Livejournal, Facebook, and Intertia

Those of you who follow the news posts on LiveJournal saw a reference to “a service issue that sprung up a couple days ago and was quickly resolved”. If you followed the link and read the comments, you discovered it was more than a “minor service issue”: it was a major LJ kerfluffle™. What happened, in short, was that there was an error with their page serving cache, and for some period of time (LJ says it was under three minutes; others say it was longer), people were served random pages from other people that were in the cache. This included, naturally, pages that included friends-locked and private entries. LJ classifies it as minor because no one could change any page; others are much more concerned because their private information was exposed to some other party—and they are not going to be happy until LJ does something unspecified, including recognizing it was major.

My assessment: It’s not as minor as LJ classified it, but it also isn’t a major privacy problem or security risk (such as the flaw just discovered in Facebook that allows someone to attach an executable to a message). Yes, private information was exposed, but (a) was exposed in a random manner, meaning that the user that saw the private data was likely someone who didn’t know the individual whose data it was—and thus the exposure risk was likely lower than exposing it to someone who knows the individual. Secondly, there was no ability to navigate in that person’s account purposefully, and so specific locked entries could not be seen. This is not to downplay the risk—it was a breach—but the exposure risk and the exploitation risk was low.

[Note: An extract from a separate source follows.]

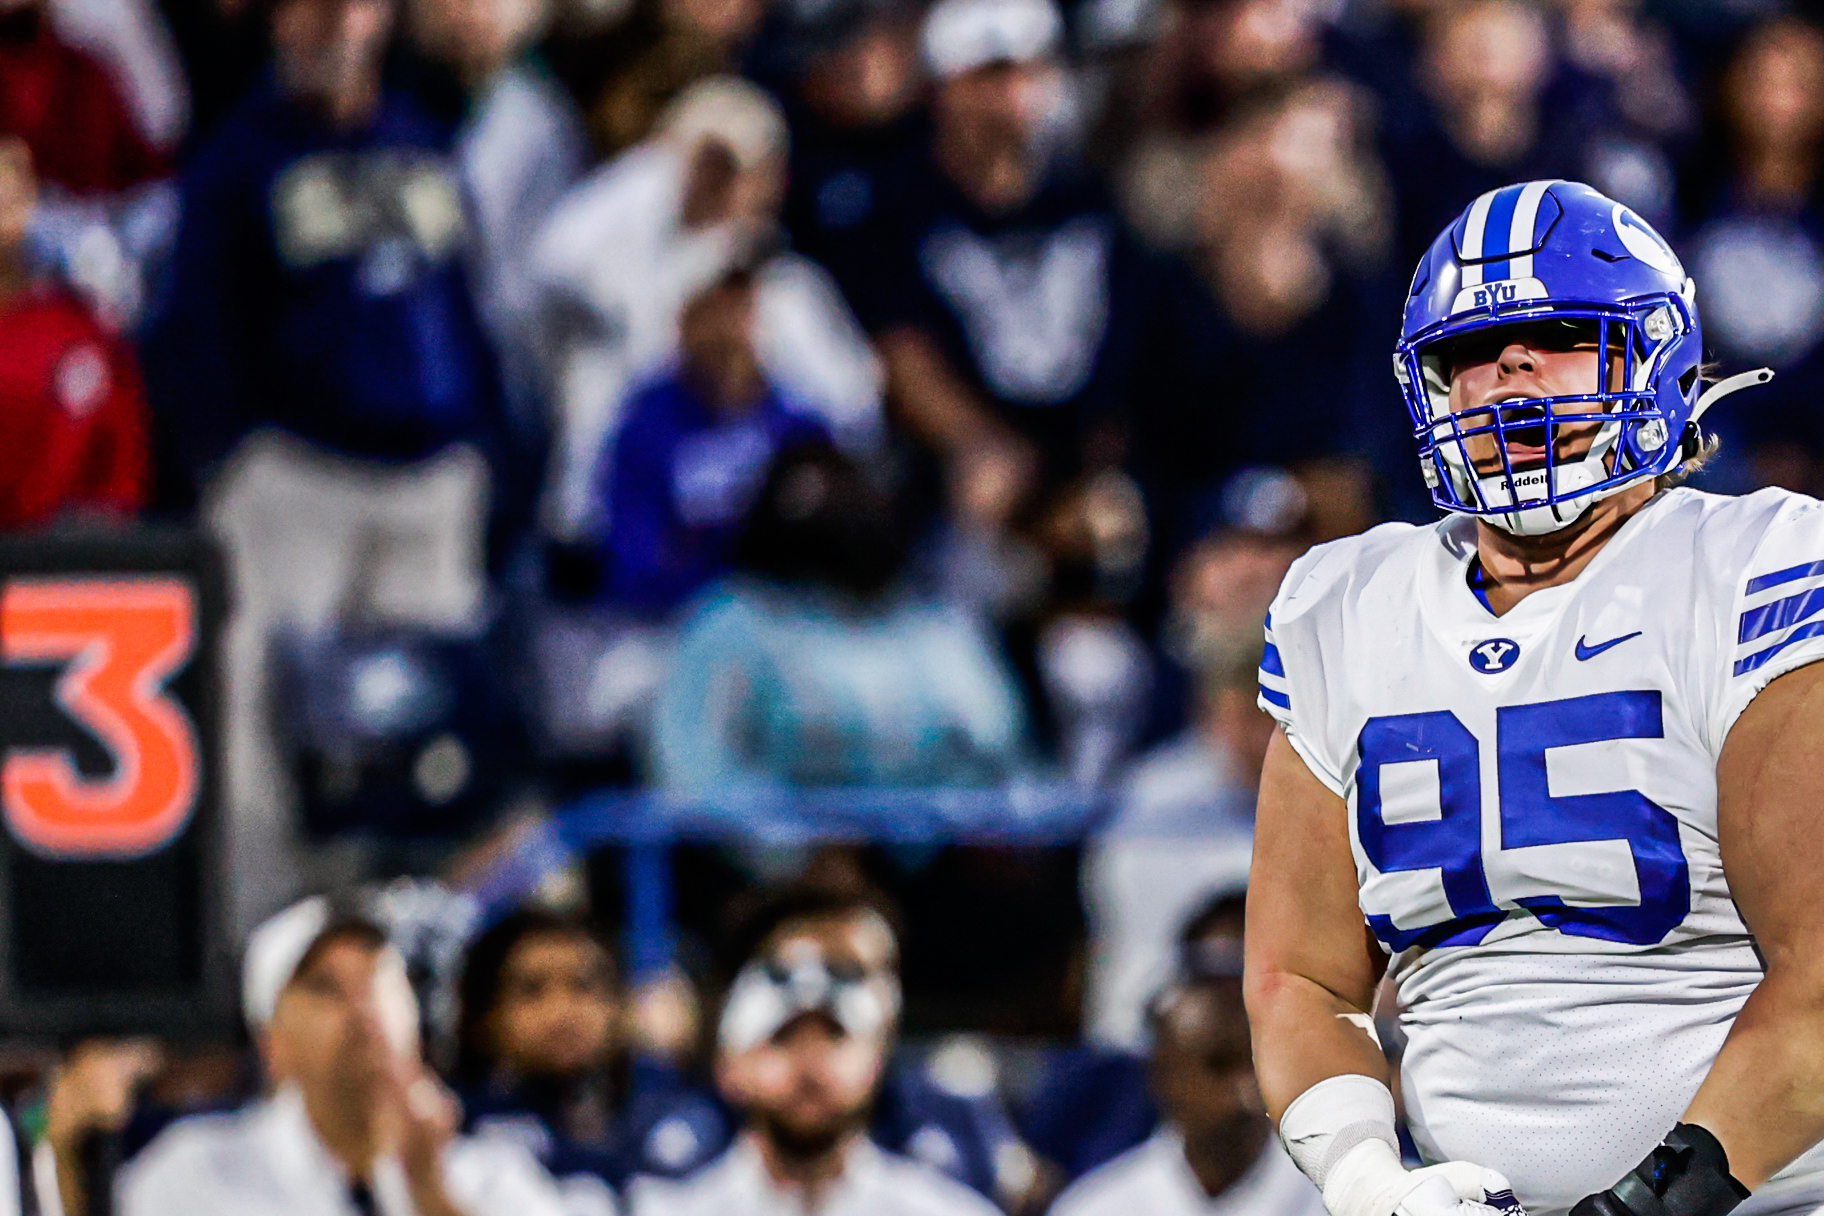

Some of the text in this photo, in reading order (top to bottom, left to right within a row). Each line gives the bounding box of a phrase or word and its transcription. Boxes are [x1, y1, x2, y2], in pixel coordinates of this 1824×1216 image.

[1474, 283, 1516, 307] BYU
[0, 575, 201, 862] 3
[1356, 690, 1691, 954] 95

I’m sure a lot of people who are upset about this are operating on the naive assumption that security mechanisms on websites work, and that their computers are secure. Of course, we know that to be false, but we like to believe the artifice so we can sleep at night. People should always work on the philosophy that you shouldn’t post something on a website that you don’t want the world to see. Breaches will occur; it is the nature of the beast. Protections fail; databases are sold. You can only have a level of confidence in someone that has a fiduciary interest (meaning a legal obligation) to protect your data… and this is distinctly not true for social networking sites, no matter what we might believe.

Will this prompt me to leave LJ? I thought about it. I could easily set up a WordPress blog on cahighways.org (they have version 3.1—does anyone know if that version can interact with LJ?). But I likely won’t do it, for the same reason I don’t leave FB: the people I want to interact with are on LJ (or FB). They are not commenting on random WordPress blogs; they are not present with sufficient mass on DreamWidth. The people I care about reaching are on LJ. Further, *I* do not have the privacy concern, because my LJ posts are (99.9%) public, and I don’t talk about things I don’t want to be public. At worst, people discover a party I was planning 3 years ago, or a fight I had with my wife 4 years ago. Big deal. But I do know that for others, even the slightest risk is a big concern. Everyone has their own risk tolerance level.

I’d like to know your thoughts on the exposure kerfluffle? Is it making you leave LJ? If so, where are you going: DW, your own blog, G+, FB, or somewhere else? When do you think that LJ will lose enough critical mass in the English-speaking world that it effectively becomes a true niche player?